### Work request
Your answer must be an exact copy of the listing below.
(The records Opens)
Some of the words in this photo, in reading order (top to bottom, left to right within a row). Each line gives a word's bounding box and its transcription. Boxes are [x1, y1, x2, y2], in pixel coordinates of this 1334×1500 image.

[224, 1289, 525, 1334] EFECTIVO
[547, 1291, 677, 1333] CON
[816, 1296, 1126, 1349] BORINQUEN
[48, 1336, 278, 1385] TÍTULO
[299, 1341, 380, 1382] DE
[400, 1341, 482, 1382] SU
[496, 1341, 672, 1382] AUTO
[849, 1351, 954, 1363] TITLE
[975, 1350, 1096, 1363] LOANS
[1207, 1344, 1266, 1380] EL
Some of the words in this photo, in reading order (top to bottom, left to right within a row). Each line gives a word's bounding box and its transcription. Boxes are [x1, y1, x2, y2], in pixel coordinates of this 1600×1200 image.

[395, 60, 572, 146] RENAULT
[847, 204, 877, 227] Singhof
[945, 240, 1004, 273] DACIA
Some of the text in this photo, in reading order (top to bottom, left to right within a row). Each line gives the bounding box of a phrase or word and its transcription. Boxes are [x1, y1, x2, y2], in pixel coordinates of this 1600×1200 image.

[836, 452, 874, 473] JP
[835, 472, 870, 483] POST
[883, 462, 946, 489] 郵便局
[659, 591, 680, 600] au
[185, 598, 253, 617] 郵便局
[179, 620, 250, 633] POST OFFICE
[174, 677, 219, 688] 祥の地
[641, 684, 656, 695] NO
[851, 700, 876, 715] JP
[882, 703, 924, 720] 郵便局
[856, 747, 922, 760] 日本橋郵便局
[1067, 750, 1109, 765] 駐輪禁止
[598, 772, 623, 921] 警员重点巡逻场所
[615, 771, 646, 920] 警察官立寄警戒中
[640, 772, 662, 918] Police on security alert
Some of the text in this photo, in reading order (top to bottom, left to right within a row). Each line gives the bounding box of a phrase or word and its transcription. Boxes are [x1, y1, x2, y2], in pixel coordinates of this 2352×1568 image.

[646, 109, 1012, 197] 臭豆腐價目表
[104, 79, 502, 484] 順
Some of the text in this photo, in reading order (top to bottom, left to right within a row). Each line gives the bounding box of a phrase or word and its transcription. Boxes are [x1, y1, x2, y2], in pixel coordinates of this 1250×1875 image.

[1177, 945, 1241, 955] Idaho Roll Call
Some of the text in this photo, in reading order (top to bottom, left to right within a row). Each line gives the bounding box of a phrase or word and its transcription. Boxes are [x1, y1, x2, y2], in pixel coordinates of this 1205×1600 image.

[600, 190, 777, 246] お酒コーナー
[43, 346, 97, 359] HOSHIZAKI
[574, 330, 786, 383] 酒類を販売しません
(The records Closes)
### Response
Some of the words in this photo, in reading order (top to bottom, left to right within a row). Each line gives a word's bounding box and its transcription. Boxes are [x1, y1, x2, y2], in pixel coordinates of this 1334×1500 image.

[224, 1289, 525, 1334] EFECTIVO
[547, 1291, 677, 1333] CON
[816, 1296, 1126, 1349] BORINQUEN
[48, 1336, 278, 1385] TÍTULO
[299, 1341, 380, 1382] DE
[400, 1341, 482, 1382] SU
[496, 1341, 672, 1382] AUTO
[849, 1351, 954, 1363] TITLE
[975, 1350, 1096, 1363] LOANS
[1207, 1344, 1266, 1380] EL
Some of the words in this photo, in reading order (top to bottom, left to right within a row). Each line gives a word's bounding box and its transcription. Boxes are [x1, y1, x2, y2], in pixel coordinates of this 1600×1200 image.

[395, 60, 572, 146] RENAULT
[847, 204, 877, 227] Singhof
[945, 240, 1004, 273] DACIA
Some of the text in this photo, in reading order (top to bottom, left to right within a row). Each line gives the bounding box of a phrase or word and its transcription. Boxes are [x1, y1, x2, y2], in pixel coordinates of this 1600×1200 image.

[836, 452, 874, 473] JP
[835, 472, 870, 483] POST
[883, 462, 946, 489] 郵便局
[659, 591, 680, 600] au
[185, 598, 253, 617] 郵便局
[179, 620, 250, 633] POST OFFICE
[174, 677, 219, 688] 祥の地
[641, 684, 656, 695] NO
[851, 700, 876, 715] JP
[882, 703, 924, 720] 郵便局
[856, 747, 922, 760] 日本橋郵便局
[1067, 750, 1109, 765] 駐輪禁止
[598, 772, 623, 921] 警员重点巡逻场所
[615, 771, 646, 920] 警察官立寄警戒中
[640, 772, 662, 918] Police on security alert
Some of the text in this photo, in reading order (top to bottom, left to right within a row). Each line gives the bounding box of a phrase or word and its transcription. Boxes are [x1, y1, x2, y2], in pixel coordinates of this 2352×1568 image.

[646, 109, 1012, 197] 臭豆腐價目表
[104, 79, 502, 484] 順
Some of the text in this photo, in reading order (top to bottom, left to right within a row). Each line gives the bounding box of a phrase or word and its transcription. Boxes are [x1, y1, x2, y2], in pixel coordinates of this 1250×1875 image.

[1177, 945, 1241, 955] Idaho Roll Call
Some of the text in this photo, in reading order (top to bottom, left to right within a row). Each line gives the bounding box of a phrase or word and its transcription. Boxes are [x1, y1, x2, y2], in pixel coordinates of this 1205×1600 image.

[600, 190, 777, 246] お酒コーナー
[43, 346, 97, 359] HOSHIZAKI
[574, 330, 786, 383] 酒類を販売しません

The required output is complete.